Aucun élément communiqué dans les sources consultées ne permet non plus de dater précisément la scène ou de déterminer si elle correspond à l’une des interpellations rapportées fin juin et début juillet. En l’absence de version officielle détaillée, la vidéo doit donc être décrite sans conclure à une faute du policier ou à un refus illégal de l’adolescent.
La diffusion d’un extrait aussi court favorise des interprétations opposées. Certains internautes y voient une nouvelle provocation, tandis que d’autres s’interrogent sur les conditions du contrôle d’un mineur. Une éventuelle appréciation juridique dépendrait de la séquence complète, du cadre de l’intervention et des témoignages disponibles.
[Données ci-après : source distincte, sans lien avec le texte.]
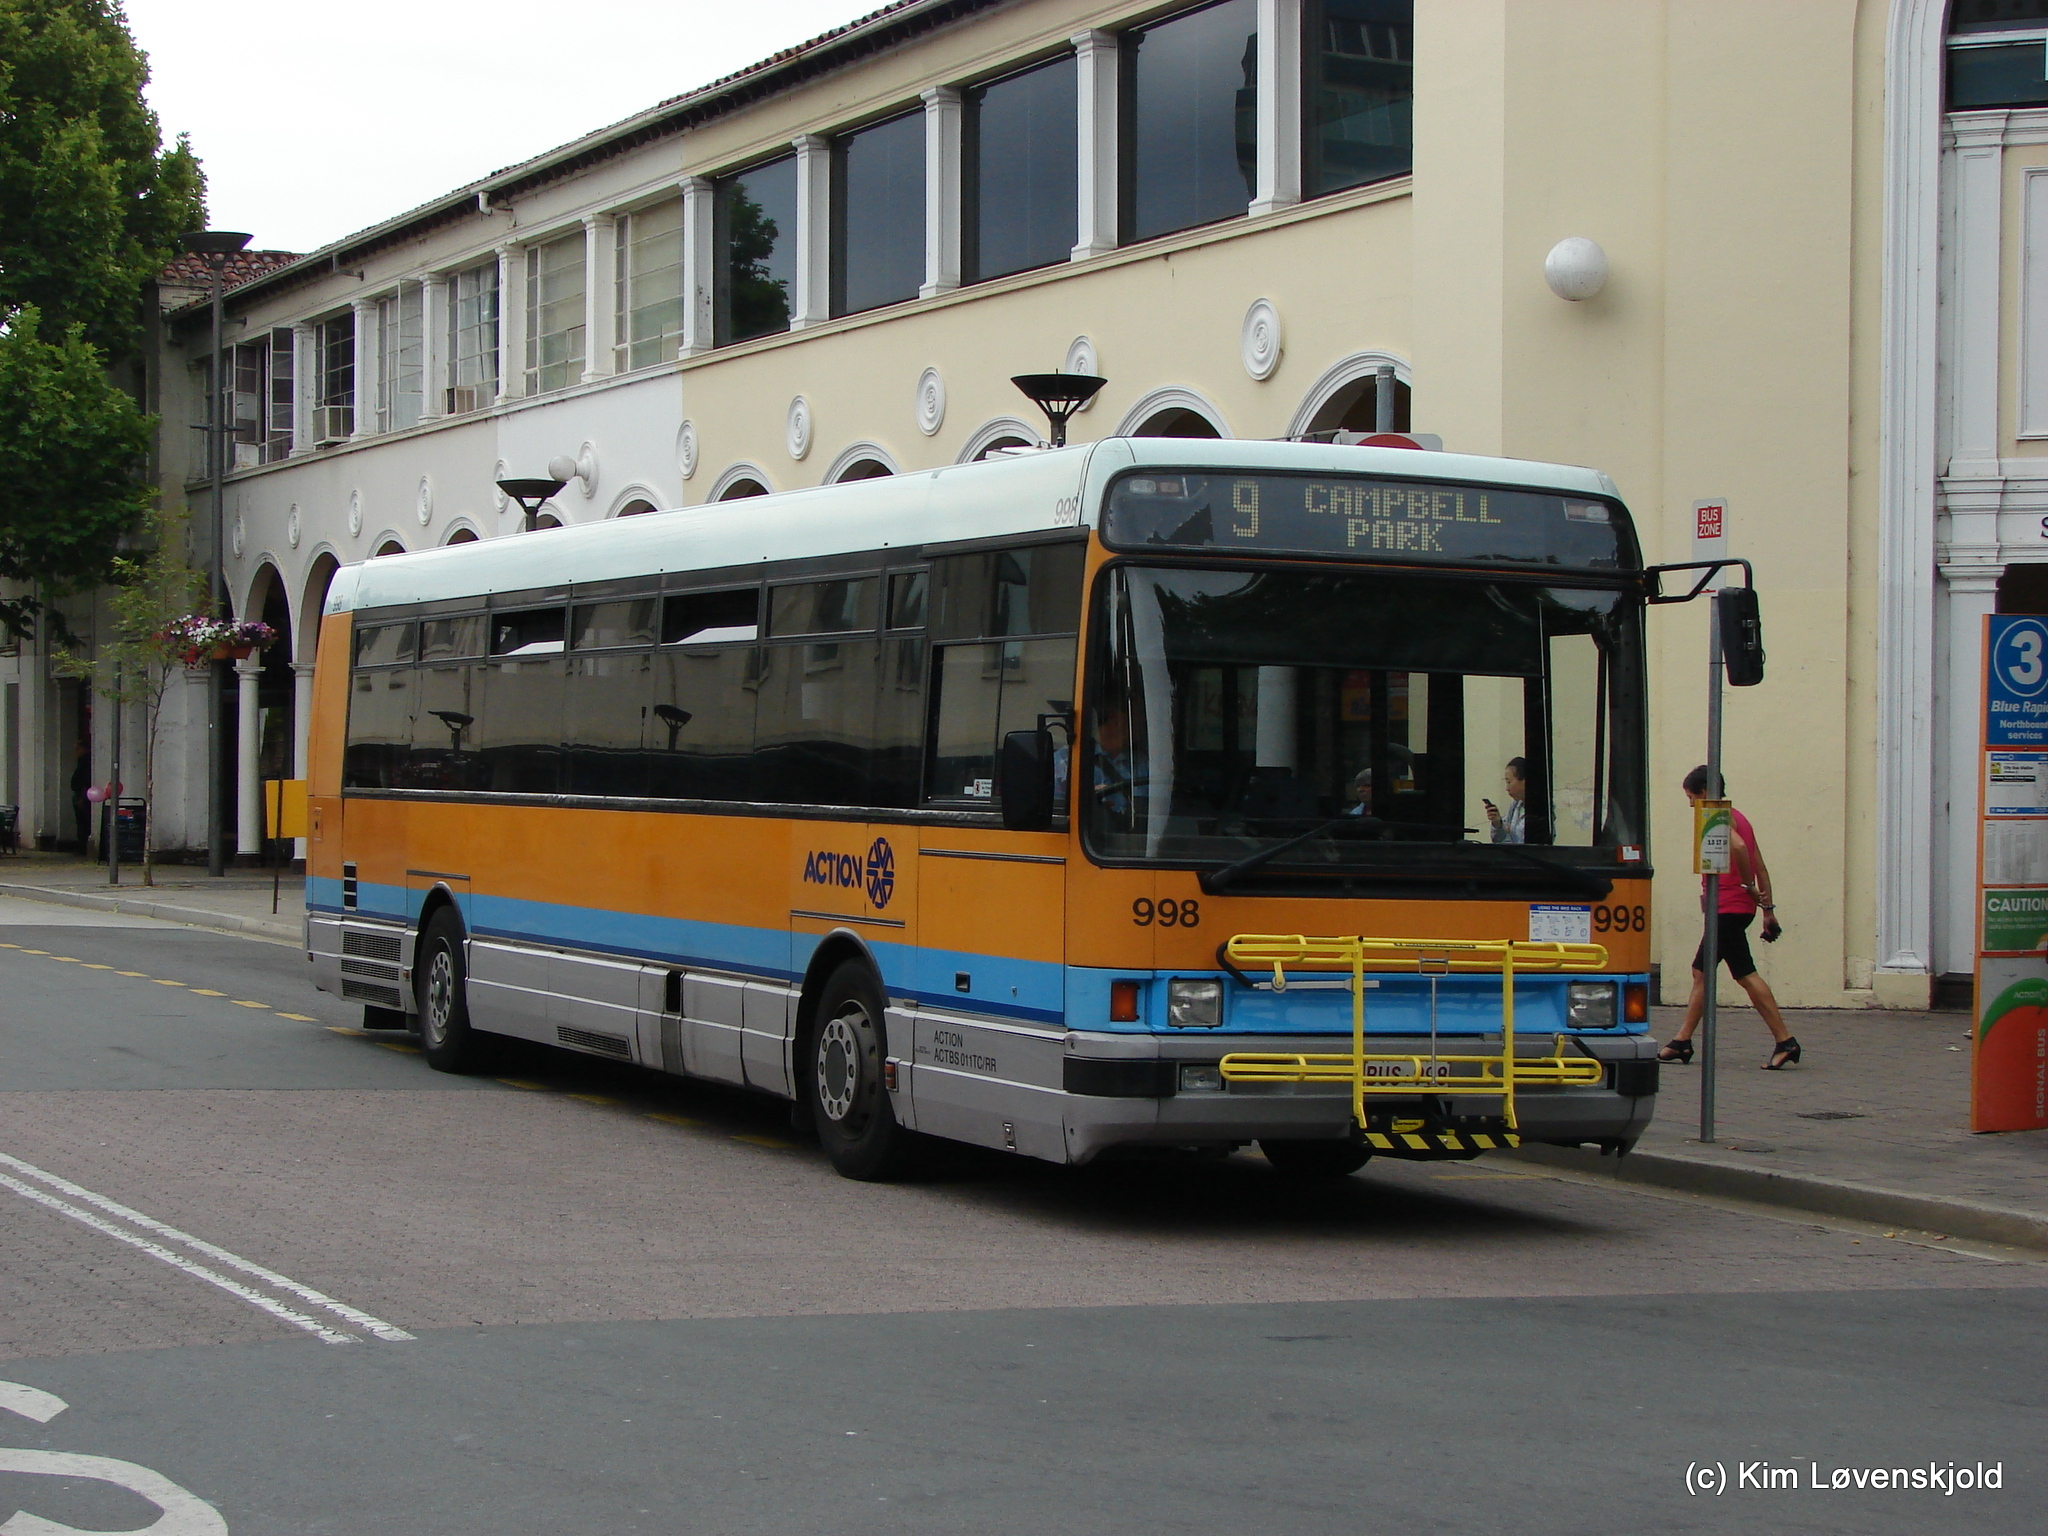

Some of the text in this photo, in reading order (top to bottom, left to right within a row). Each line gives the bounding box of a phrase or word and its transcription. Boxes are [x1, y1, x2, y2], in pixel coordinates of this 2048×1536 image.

[1054, 496, 1078, 525] 998
[1233, 480, 1259, 538] 9
[1304, 484, 1501, 524] CAMPBELL
[1701, 509, 1719, 522] BUS
[1347, 518, 1443, 552] PARK
[1698, 523, 1721, 536] ZONE
[2008, 630, 2043, 685] 3
[1990, 700, 2020, 712] Blue
[2007, 731, 2043, 739] services
[804, 850, 862, 889] ACTION
[1132, 897, 1200, 928] 998
[1593, 905, 1646, 933] 998
[1987, 897, 2048, 912] CAUTION
[933, 1029, 963, 1048] ACTION
[2036, 1028, 2046, 1119] SIGNAL BUS
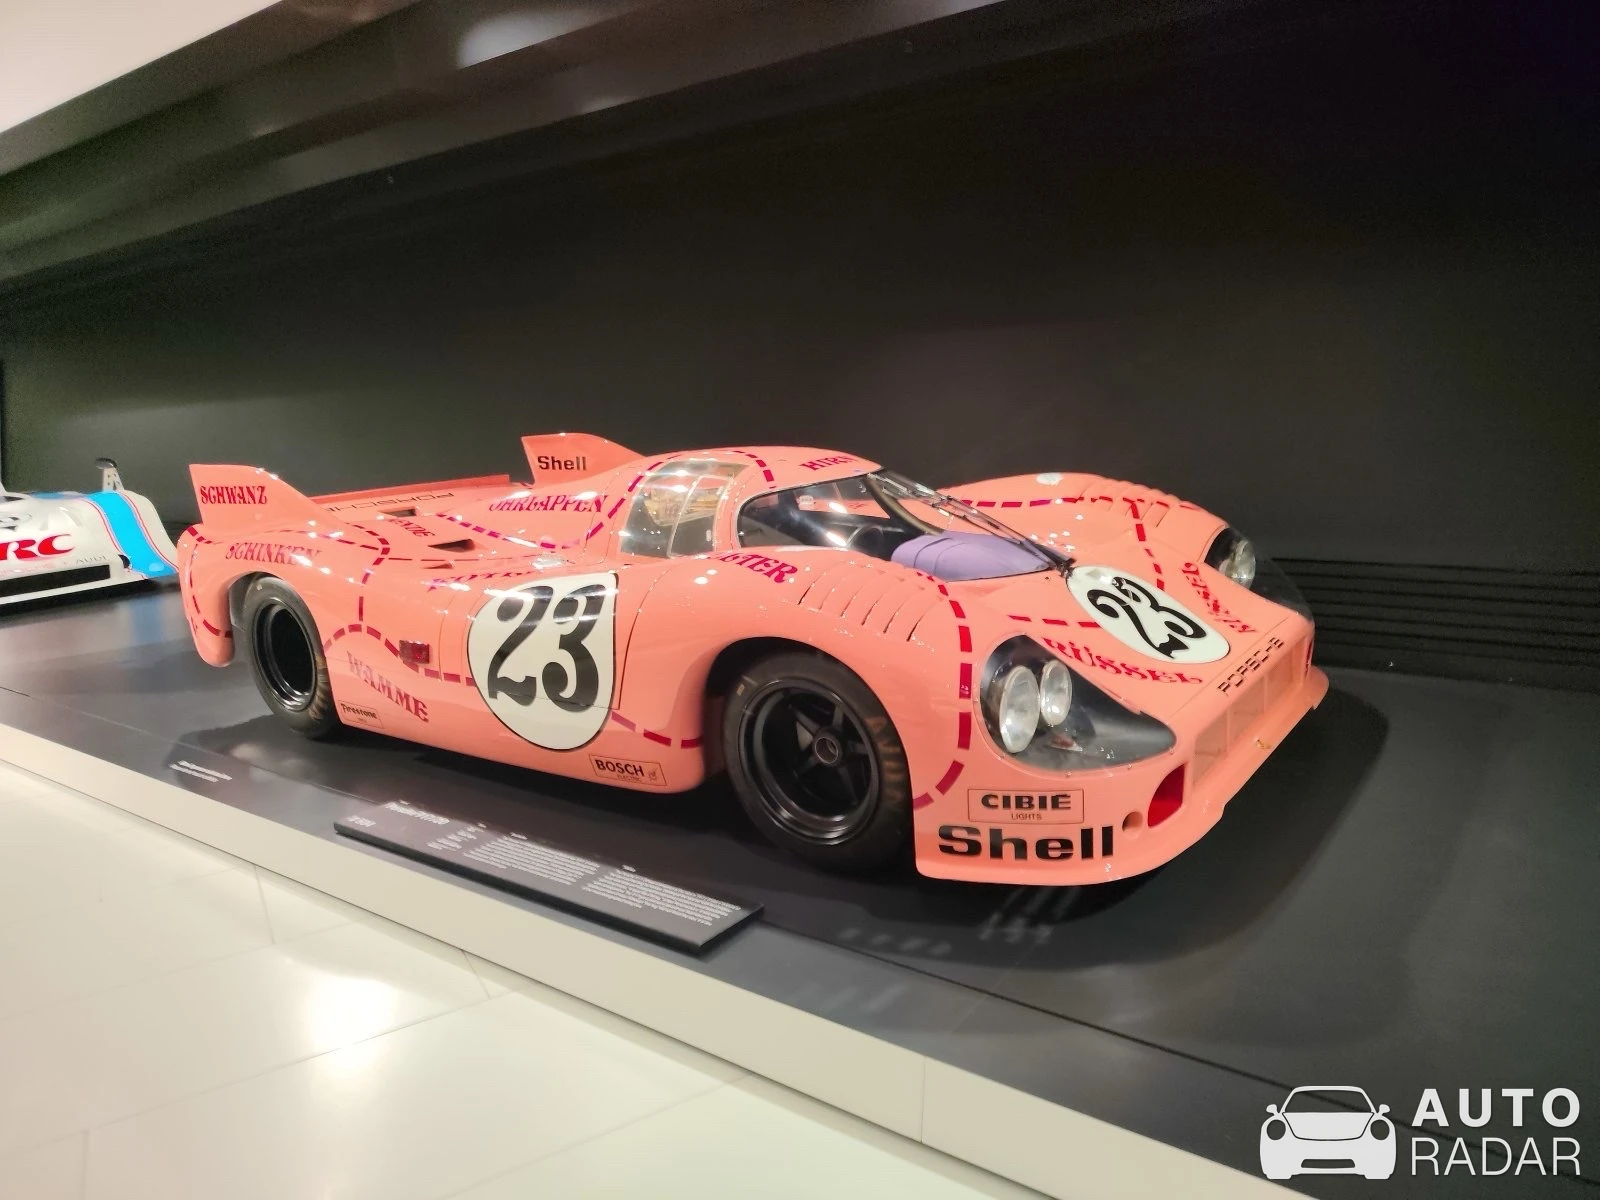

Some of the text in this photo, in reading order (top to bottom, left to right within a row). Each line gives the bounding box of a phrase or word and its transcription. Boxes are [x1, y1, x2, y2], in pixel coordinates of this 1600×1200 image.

[537, 455, 587, 471] Shell
[200, 485, 268, 505] SCHWANZ
[1086, 576, 1208, 660] 23
[487, 584, 606, 712] 23
[594, 759, 645, 777] BOSCH
[938, 824, 1114, 860] Shell
Un pistolet à eau et deux interpellations en quelques jours
Hamza est devenu connu à la fin de juin grâce à des vidéos tournées au bord du canal. Elles le montrent avec un pistolet à eau, arrosant des passants, des cyclistes ou des agents et réclamant parfois deux euros pour laisser circuler certaines personnes sans les asperger. D’autres images le montrent poussant des personnes vers l’eau.

Interrogé par Le Parisien le 29 juin, l’adolescent reconnaissait: « La plupart du temps, je ne m’excuse pas, j’arrose et je pars en courant. » Il avait été placé en garde à vue le 27 juin pour des faits présumés de violences en réunion et de dégradations, puis remis en liberté. Ces qualifications ne valent pas condamnation.